There is also an important philosophical question, which is not addressed at all by the position statement; what severity of impairment is enough to appropriately make a difference in decision making around the provision of life-sustaining interventions? If we don’t address that issue, why discuss impairment at all?
If we can decide what impairments are profound enough to appropriately affect decision making, then we need to ask whether we can predict them, and in particular whether we can predict them before birth. I think that the answer to these questions is that we can’t predict impairment with any degree of certainty.
In that case we should really question whether rates of impairment are appropriately used as justification for not initiating intensive care.

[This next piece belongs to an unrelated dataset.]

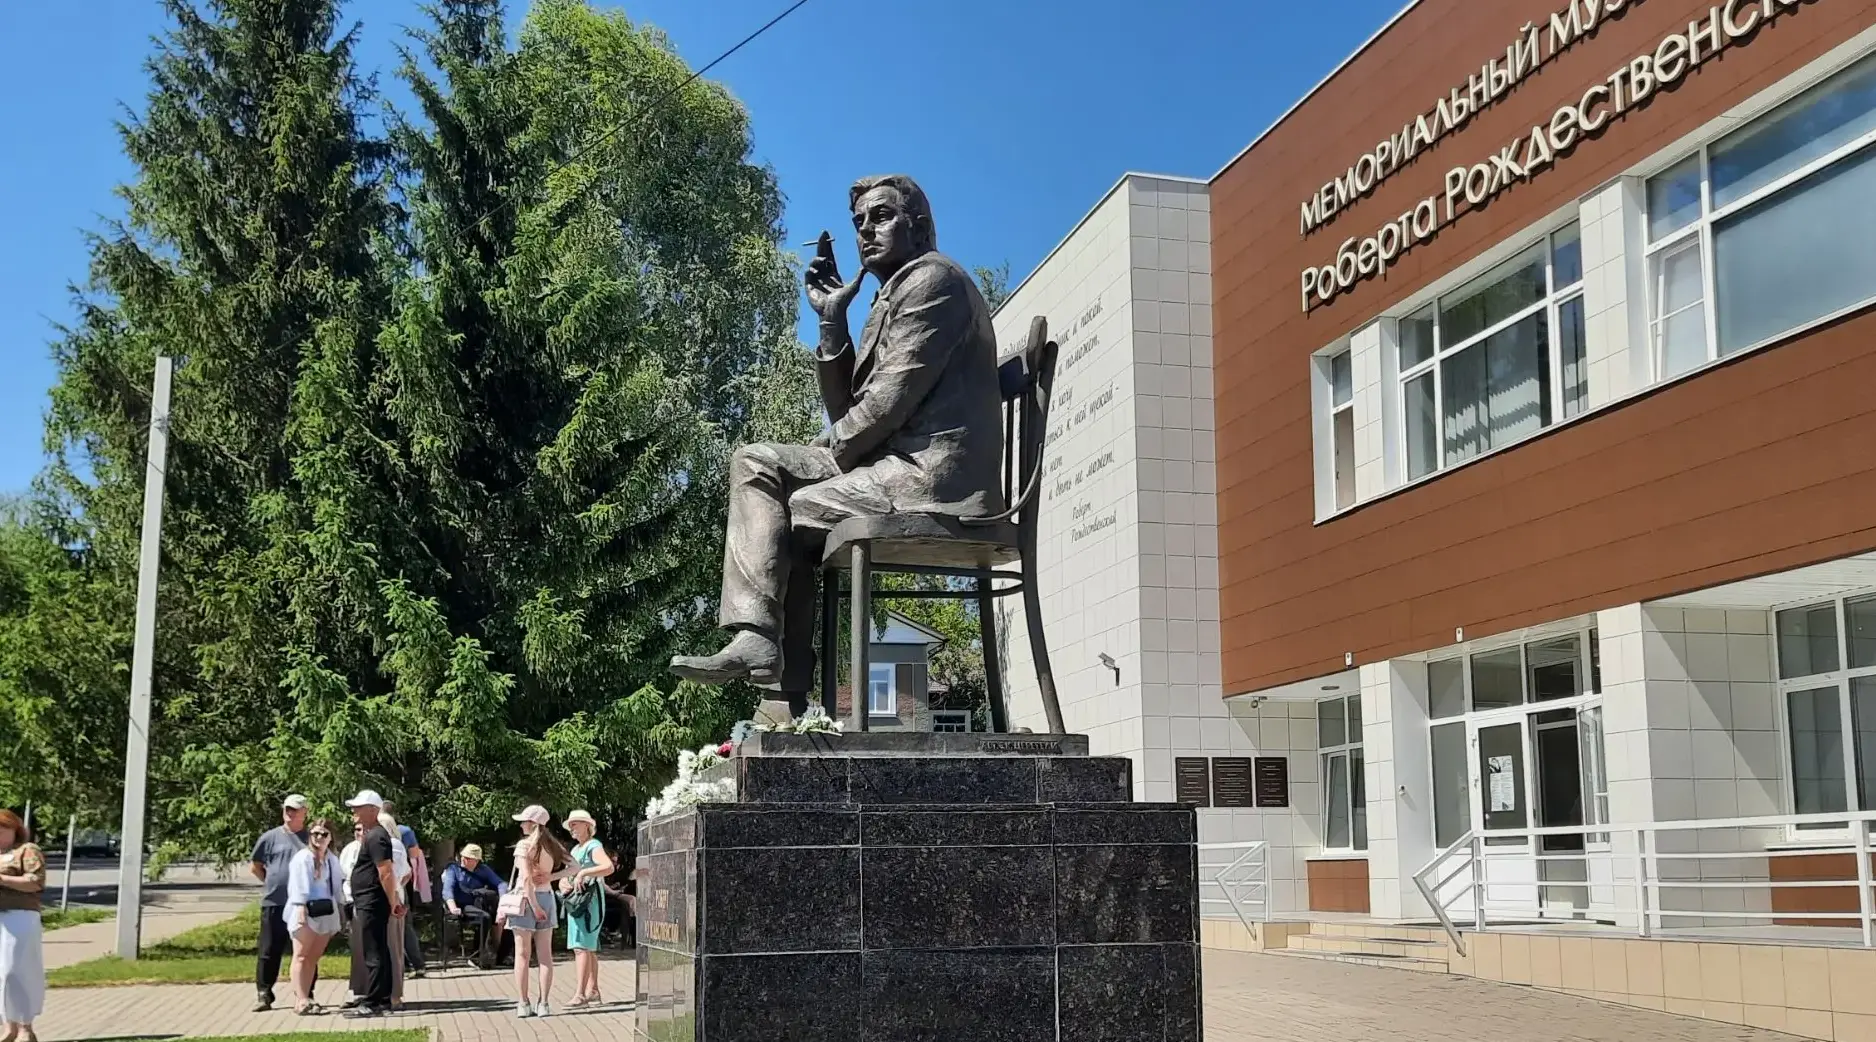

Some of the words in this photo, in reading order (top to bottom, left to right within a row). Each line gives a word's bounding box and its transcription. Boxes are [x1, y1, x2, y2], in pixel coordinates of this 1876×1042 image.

[1299, 22, 1541, 235] МЕМОРИАЛЬНЫЙ
[1550, 0, 1624, 55] МУ
[1301, 196, 1435, 312] Роберта

We have no tools to predict outcomes prior to birth when it comes to premature birth and the baby’s cognitive development. We also don’t have the exact tools to see the outcome after birth. There are so many factors to consider and I speak as a layperson:
Family ie parents, environment, supports, early intervention, luck? I have not let the Bayley influence any of my decisions for my children. If I had, they would not be where they are now.
I don’t know. I really think we need to be careful when having our kids tested. I know that one of my twins consistently underperforms during any type of testing because of overexpsure to them-wow, I don’t even recognize my child sometimes when in that situation.